Thyroid storm is a rare but well-known life-threatening complication that occurs due to acute exacerbation of thyrotoxicosis with the increased levels of circulating thyroid hormones. Reports of metabolic encephalopathy associated with thyroid storm are scarce. We describe the case of a 23-year-old male patient with no previous history of abnormal thyroid function who had consumed excessive amounts of alcohol before disease onset. The patient was found unconscious and febrile on a roadside by a passerby and was admitted to our hospital's emergency department. His primary clinical presentation included hyperthermia (40.8 °C), nodal tachycardia (180 beats/min), seizures, coma, and hypoglycemia (2.18 mmol/L). The hypoglycemia was quickly corrected after admission, but his level of consciousness showed no improvement. With aggressive screening, the patient was found to have severe thyroid dysfunction (T3 = 6.67 nmol/L, T4 = 252.00 nmol/L, free T3 = 29.20 pmol/L, free T4 = 65.30 pmol/L, and TSH = 0.001 μIU/mL). After medical treatment, plasmapheresis, hemofiltration, and hemoperfusion, the patient showed substantial improvement in thyroid hormone levels and stabilization of vital signs, but the impaired consciousness and seizures persisted. Multiple computed tomography scans revealed brain abnormalities. Magnetic resonance imaging performed after tracheal extubation revealed bilateral frontal lobe lesions. We reported a case of metabolic encephalopathy in a patient with life-threatening thyroid storm and bilateral frontal lobe lesions. Hypoglycemia may have been involved in the development of encephalopathy in our patient. Health care providers should consider thyroid storm in the differential diagnosis of hyperthermia, seizures, and coma. Early plasmapheresis, hemofiltration, and hemoperfusion can lower T4 levels and improve prognosis in patients with thyroid storm and encephalopathy.

INTRODUCTION

Thyroid storm is a syndrome of acute exacerbation of thyrotoxicosis that occurs in association with increased levels of circulating thyroid hormones. It occurs mostly in patients with untreated or inadequately treated severe hyperthyroidism. Common triggers include infection, surgery, and mental stimulation. The clinical presentation of thyroid storm includes high fever, profuse sweating, tachycardia, irritability, anxiety, delirium, nausea, vomiting, and diarrhea; in severe cases, heart failure, shock, and coma may be present (1,2). The mortality rate associated with this complication is estimated to be between 8% and 25% despite modern advancements in treatment and supportive measures (3). To our knowledge, reports of metabolic encephalopathy associated with thyroid storm are rare.

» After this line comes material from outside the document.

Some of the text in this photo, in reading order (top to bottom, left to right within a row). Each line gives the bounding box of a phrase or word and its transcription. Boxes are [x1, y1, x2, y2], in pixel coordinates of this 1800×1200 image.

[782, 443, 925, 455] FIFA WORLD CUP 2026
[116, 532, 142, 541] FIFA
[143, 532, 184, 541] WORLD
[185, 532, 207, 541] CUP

Herein we present the case of a 23-year-old man without family history of thyroid disorders and no medical issues, who had ingested excessive amounts of alcohol before the onset of his condition. He was found unconscious and febrile on a roadside by a passerby and was admitted to our hospital's emergency department. Due to intense heat on the day of the patient's admission and his clinical presentation, we initially misdiagnosed him with heat apoplexy. However, the diagnosis of thyroid storm was established in a timely manner, and the patient was successfully treated.

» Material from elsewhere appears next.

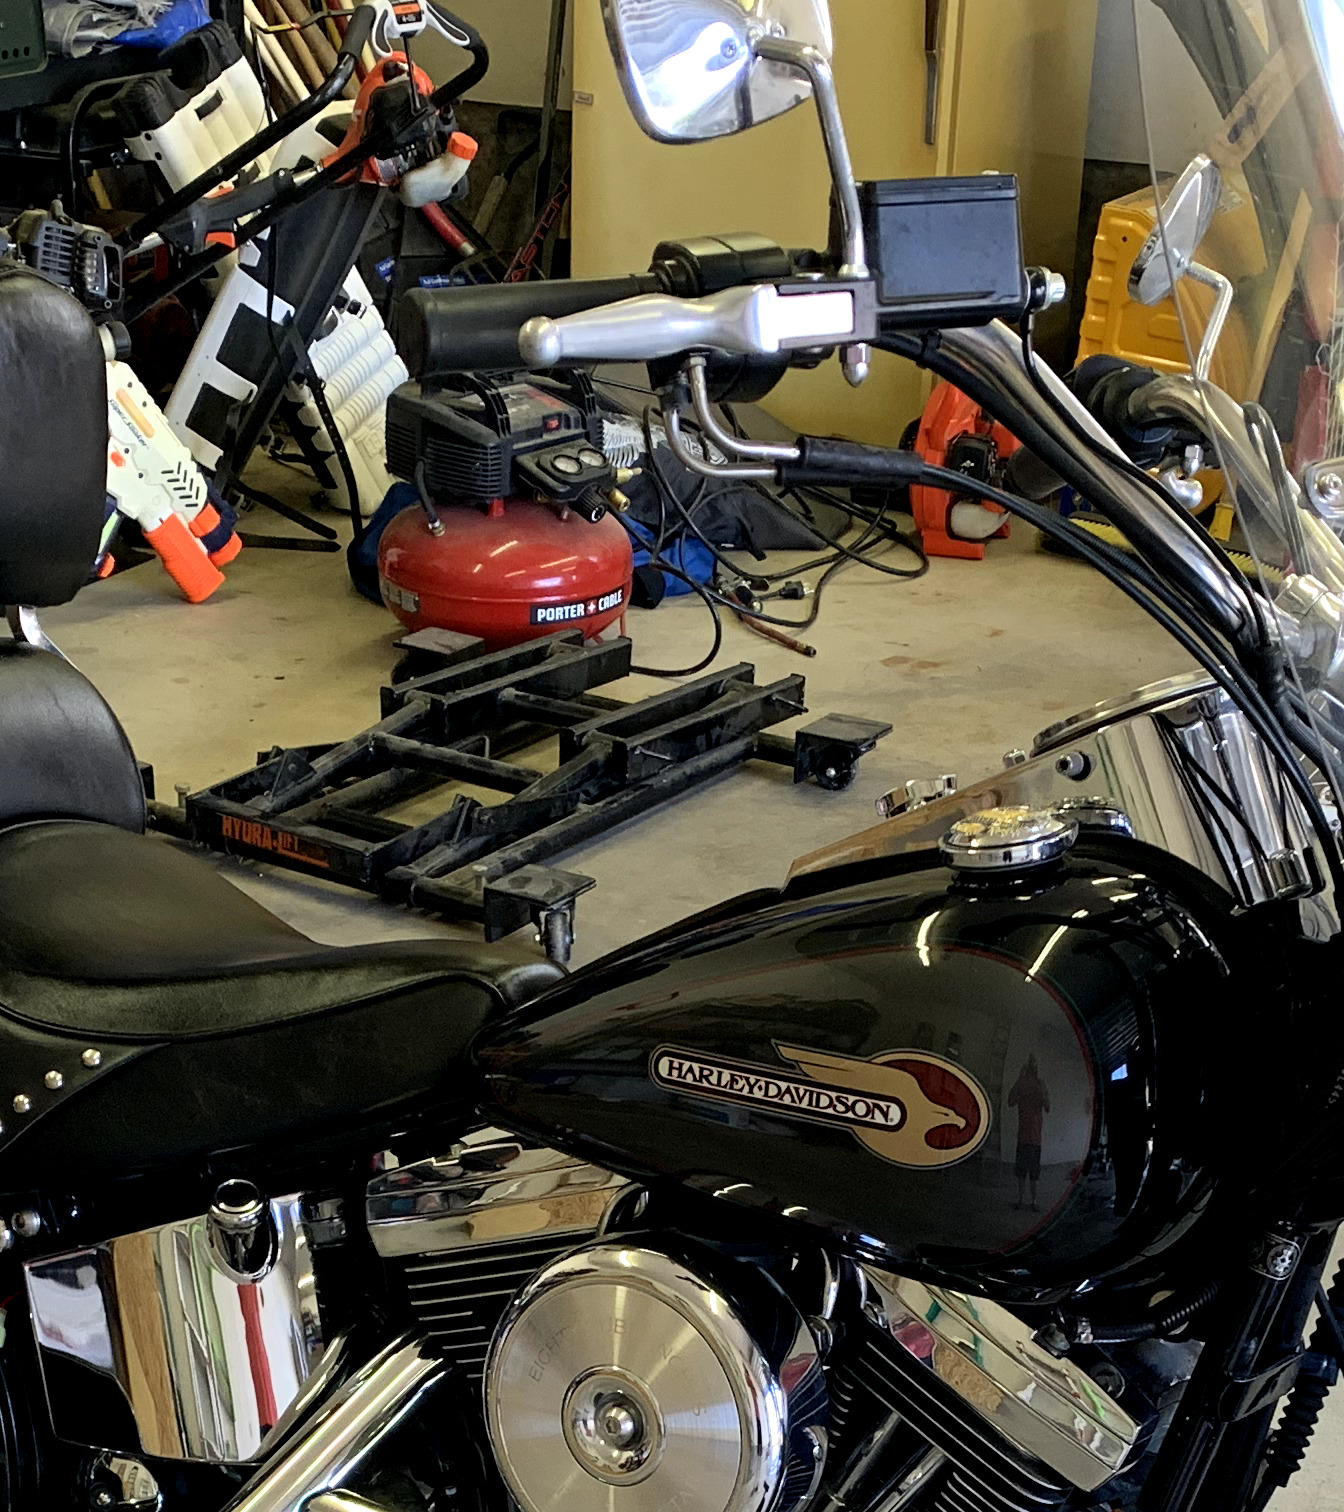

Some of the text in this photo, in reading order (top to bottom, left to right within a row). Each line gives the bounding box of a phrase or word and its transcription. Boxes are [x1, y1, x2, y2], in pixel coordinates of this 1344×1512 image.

[512, 182, 570, 284] ASTON
[537, 589, 623, 622] PORTER CABLE

After treatment, the patient presented substantial improvement in serum T4 levels and gradual stabilization of vital signs, but his level of consciousness and seizures persisted.

In this report, we discuss our experience treating this patient and describe the occurrence of metabolic encephalopathy found in association with his thyroid storm.

CASE PRESENTATION

A 23-year-old man was brought to the emergency room of our hospital with hyperthermia, nodal tachycardia, seizures, and coma. He had a body temperature of 40.8 °C, heart rate of 180 bpm, blood pressure of 143/90 mmHg, and a respiratory rate of 35 bpm with shallow breathing. On detailed history taking, we were informed that the patient had been out drinking since 6 pm the day before the admission and had not returned home all night. He was found unconscious on a roadside by a passerby at 6 am on the day of the admission. Because it was summer and the heat was intense, the first responders established a diagnosis of pyrexia. On physical examination, the patient was comatose with a score of 6 in the Glasgow Coma Scale (Eye = 2, Verbal = NT, Motor = 3). Both his eyes had sluggish pupillary reaction, and the neurological findings were negative. The muscle tone in the extremities was increased, and spasticity was observed. On the 2nd day of admission, the patient's father provided a more complete medical history but reported no other remarkable detail. The patient had no family history of thyroid, heart, or neurological diseases.

An initial arterial blood gas analysis of the patient revealed a pH of 7.32, PaO2 of 85 mmHg, PaCO2 of 36.2 mmHg, and standard base excess of −6.8 mmol/L. The results of serum biochemistry were the following: uric acid, 989 μmol/L; creatine kinase, 1.052 U/L; creatine kinase MB isoenzyme, 480 U/L; urea nitrogen, 7.5 mmol/L; creatinine, 65.0 μmol/L; and glucose 2.18 mmol/L (indicating hypoglycemia).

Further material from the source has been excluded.